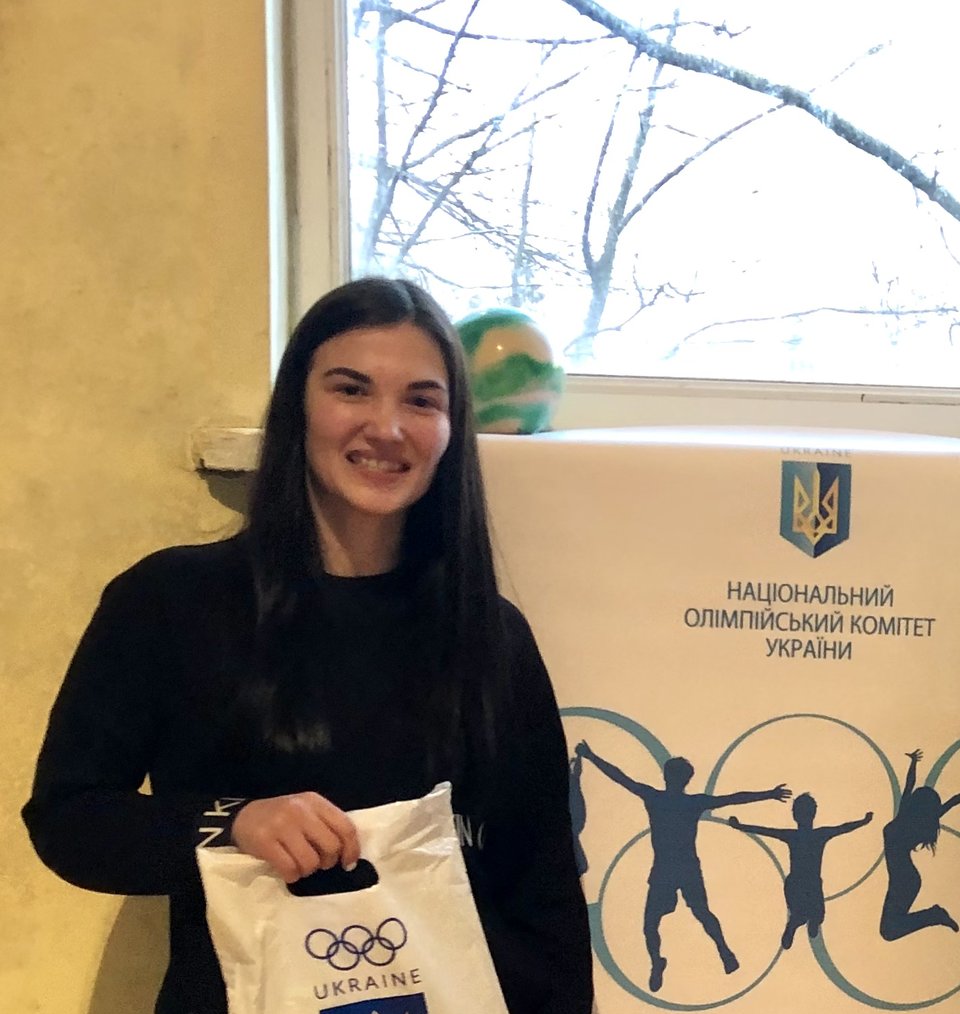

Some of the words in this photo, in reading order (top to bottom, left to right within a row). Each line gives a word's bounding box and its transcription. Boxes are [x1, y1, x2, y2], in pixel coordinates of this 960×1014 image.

[727, 581, 895, 607] НАЦІОНАЛЬНИЙ
[684, 607, 844, 634] ОЛІМПІЙСЬКИЙ
[849, 615, 936, 637] КОМІТЕТ
[765, 637, 853, 660] УКРАЇНИ
[313, 967, 424, 1000] UKRAINE
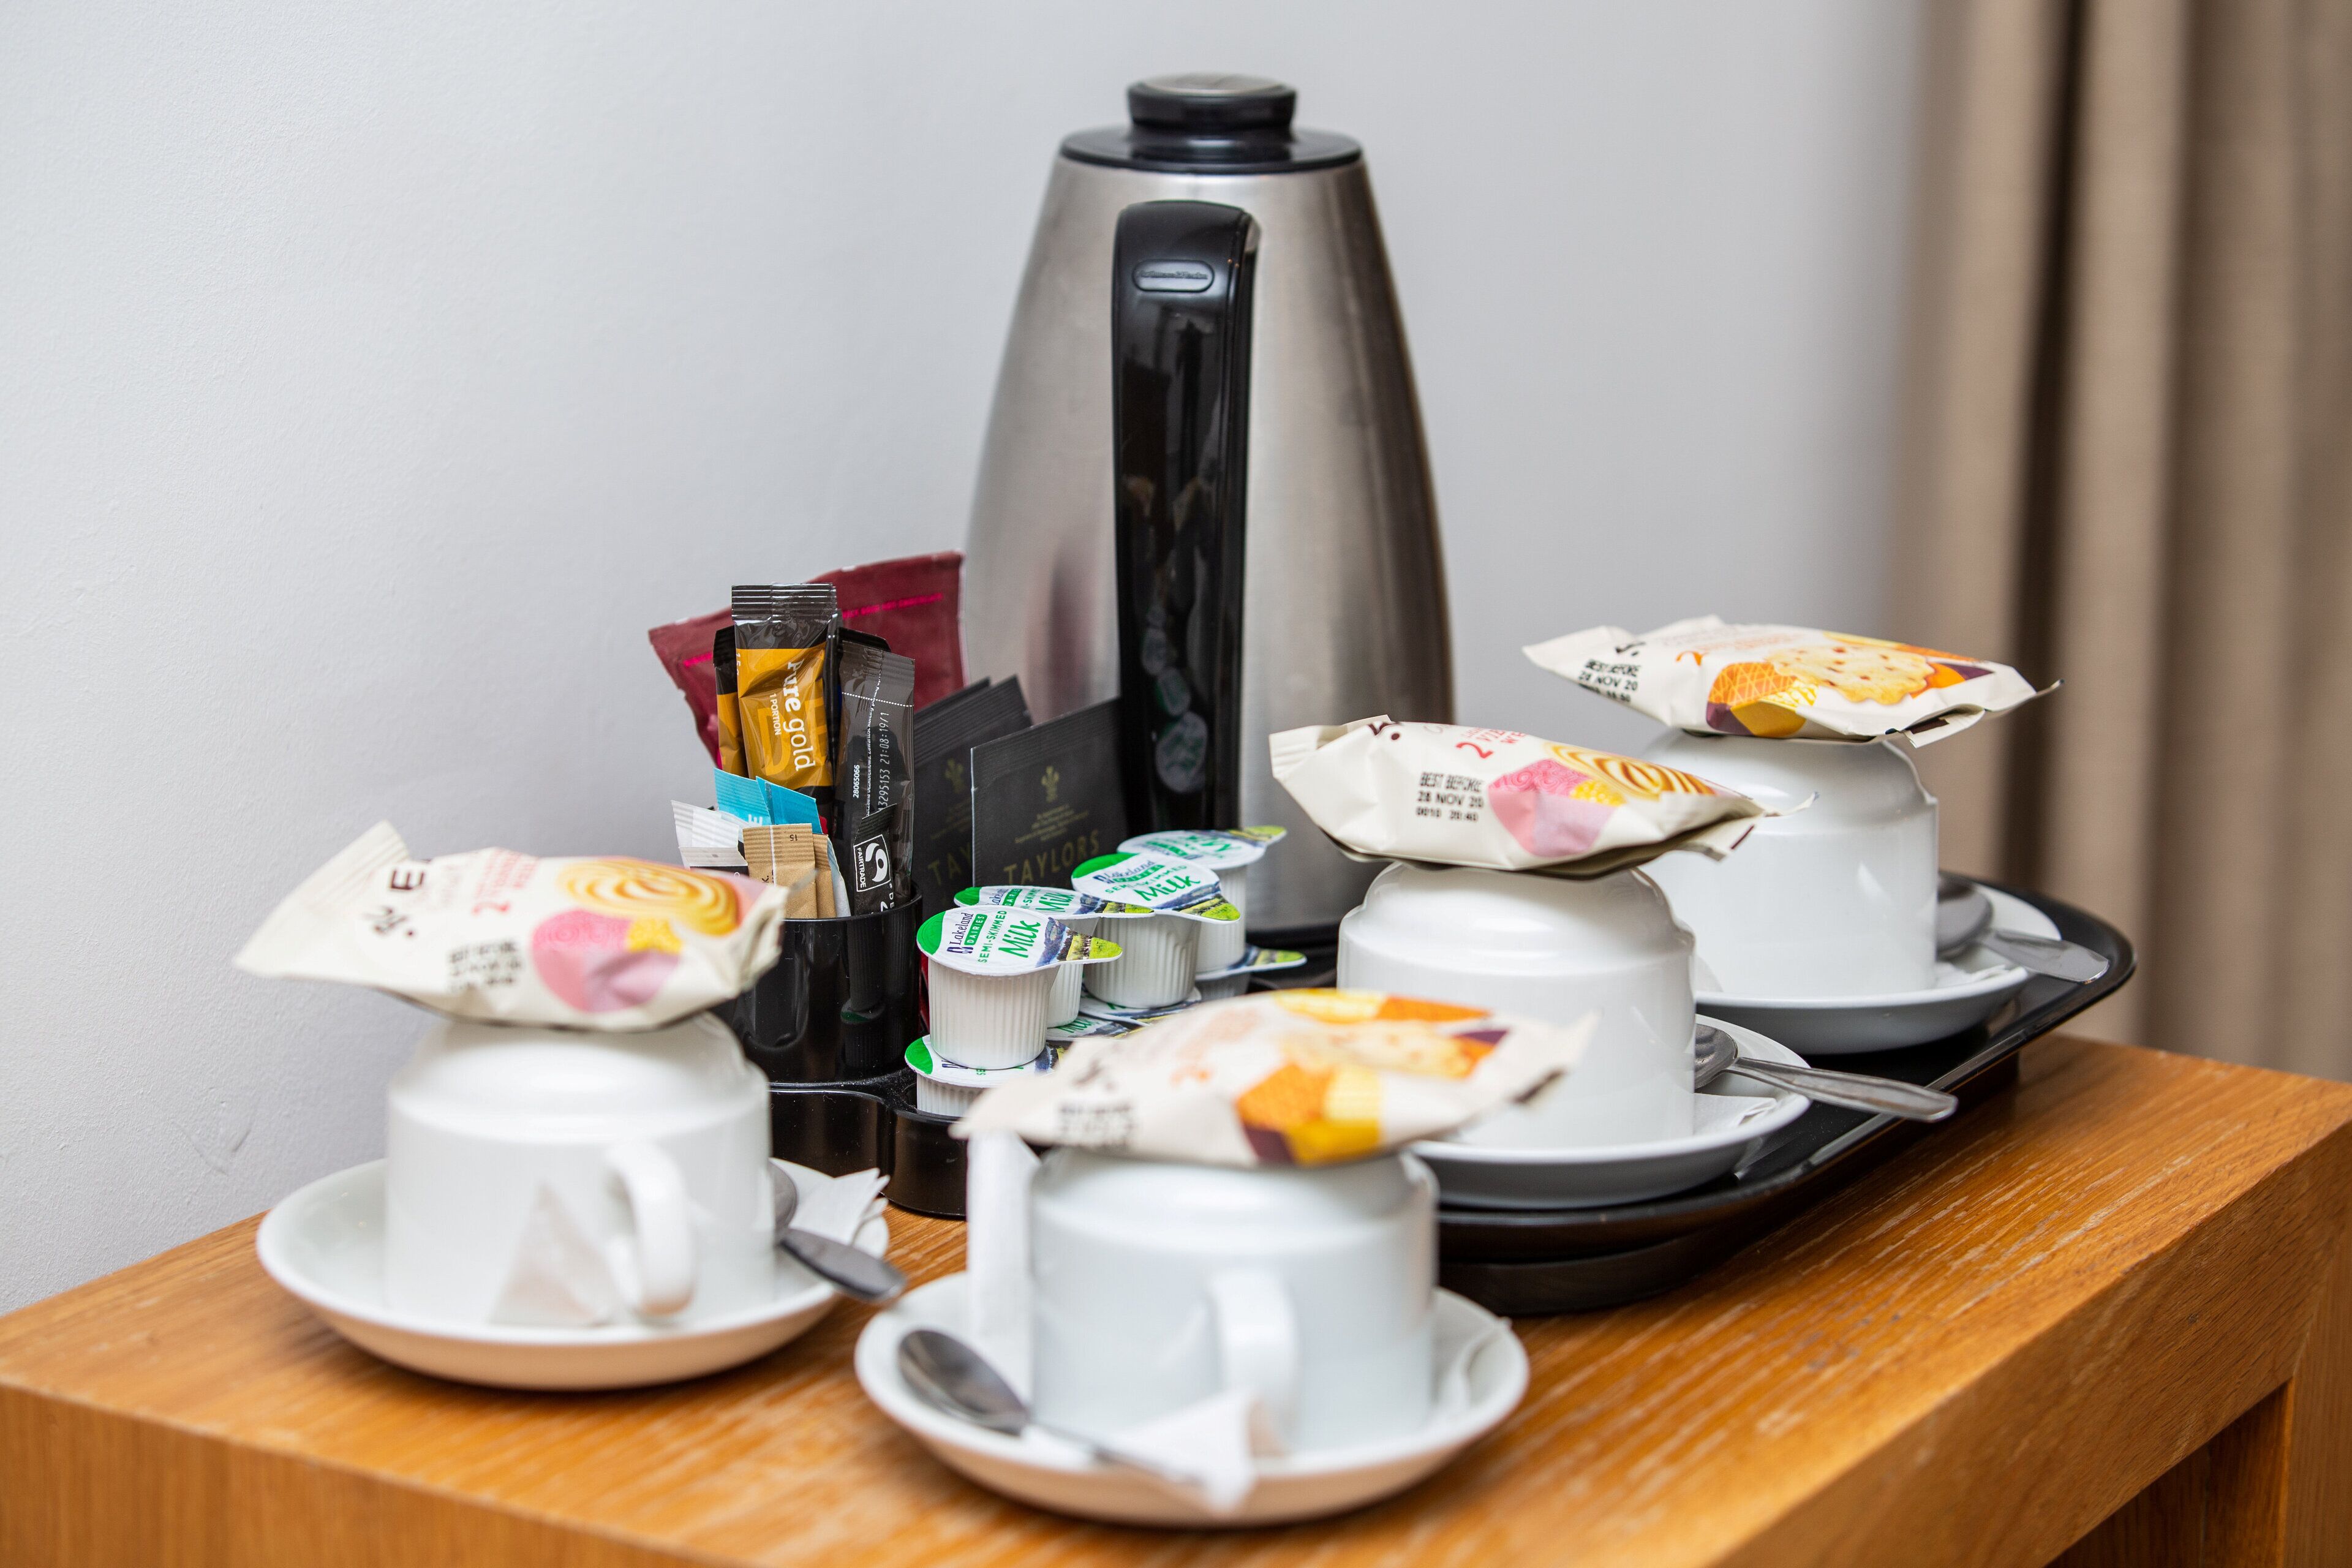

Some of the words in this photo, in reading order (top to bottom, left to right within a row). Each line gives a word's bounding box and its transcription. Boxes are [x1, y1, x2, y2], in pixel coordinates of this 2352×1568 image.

[783, 658, 805, 712] Pure
[771, 699, 782, 736] PORTION
[783, 718, 816, 772] gold
[1420, 771, 1444, 787] BEST
[1446, 774, 1484, 793] BEFORE
[1435, 793, 1465, 806] NOV
[858, 847, 867, 888] FAIRTRADE
[1004, 829, 1101, 885] TAYLORS
[1035, 892, 1076, 913] Milk
[1133, 875, 1201, 902] Milk
[954, 912, 974, 946] Lakeland
[967, 915, 986, 944] DAIRIES
[978, 910, 1008, 963] SEMI-SKIMMED
[998, 920, 1041, 959] Milk
[1095, 941, 1104, 952] UHT
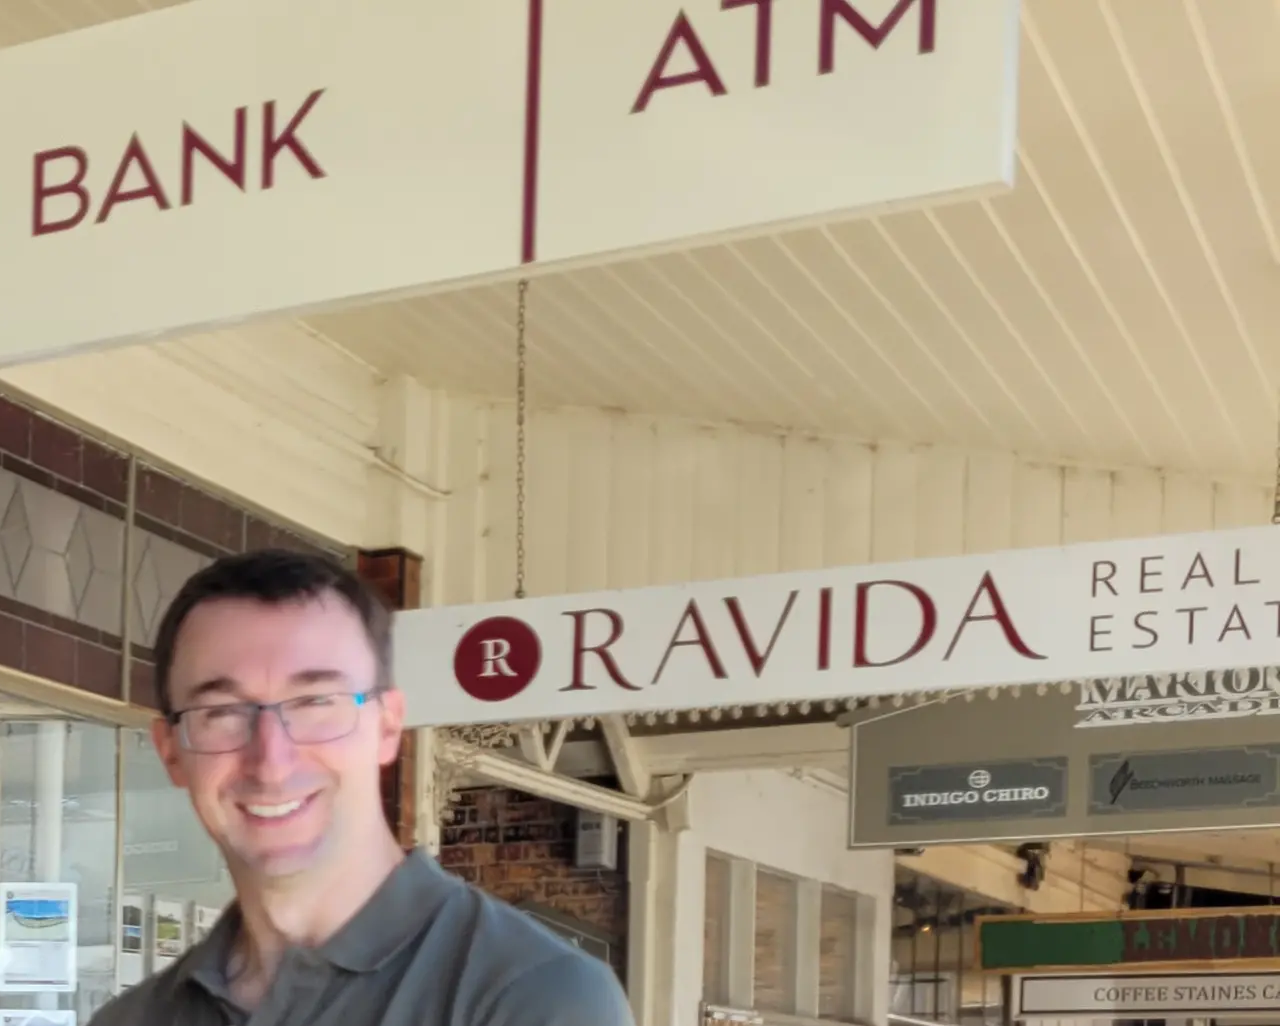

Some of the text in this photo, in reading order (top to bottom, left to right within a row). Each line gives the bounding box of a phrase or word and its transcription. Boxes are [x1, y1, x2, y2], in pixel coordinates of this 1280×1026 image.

[629, 0, 937, 114] ATM
[31, 87, 327, 237] BANK
[1092, 548, 1261, 597] REAL
[557, 569, 1049, 693] RAVIDA
[1088, 600, 1280, 653] ESTAT
[1081, 667, 1280, 704] MARIO
[1086, 699, 1280, 721] ARCAD
[903, 786, 1049, 808] INDIGO CHIRO
[1093, 986, 1168, 1002] COFFEE
[1174, 984, 1256, 1001] STAINES
______________________________
> [Exercise goal]
Retype every entry word for word, but do not carry over the pictures.

> [Written answer]
Some of the words in this photo, in reading order (top to bottom, left to right within a row). Each line gives a word's bounding box and its transcription. Boxes are [x1, y1, x2, y2], in pixel coordinates of this 960×1014 image.

[727, 581, 895, 607] НАЦІОНАЛЬНИЙ
[684, 607, 844, 634] ОЛІМПІЙСЬКИЙ
[849, 615, 936, 637] КОМІТЕТ
[765, 637, 853, 660] УКРАЇНИ
[313, 967, 424, 1000] UKRAINE

Some of the words in this photo, in reading order (top to bottom, left to right within a row). Each line gives a word's bounding box and its transcription. Boxes are [x1, y1, x2, y2], in pixel coordinates of this 2352×1568 image.

[783, 658, 805, 712] Pure
[771, 699, 782, 736] PORTION
[783, 718, 816, 772] gold
[1420, 771, 1444, 787] BEST
[1446, 774, 1484, 793] BEFORE
[1435, 793, 1465, 806] NOV
[858, 847, 867, 888] FAIRTRADE
[1004, 829, 1101, 885] TAYLORS
[1035, 892, 1076, 913] Milk
[1133, 875, 1201, 902] Milk
[954, 912, 974, 946] Lakeland
[967, 915, 986, 944] DAIRIES
[978, 910, 1008, 963] SEMI-SKIMMED
[998, 920, 1041, 959] Milk
[1095, 941, 1104, 952] UHT

Some of the text in this photo, in reading order (top to bottom, left to right within a row). Each line gives the bounding box of a phrase or word and its transcription. Boxes are [x1, y1, x2, y2], in pixel coordinates of this 1280×1026 image.

[629, 0, 937, 114] ATM
[31, 87, 327, 237] BANK
[1092, 548, 1261, 597] REAL
[557, 569, 1049, 693] RAVIDA
[1088, 600, 1280, 653] ESTAT
[1081, 667, 1280, 704] MARIO
[1086, 699, 1280, 721] ARCAD
[903, 786, 1049, 808] INDIGO CHIRO
[1093, 986, 1168, 1002] COFFEE
[1174, 984, 1256, 1001] STAINES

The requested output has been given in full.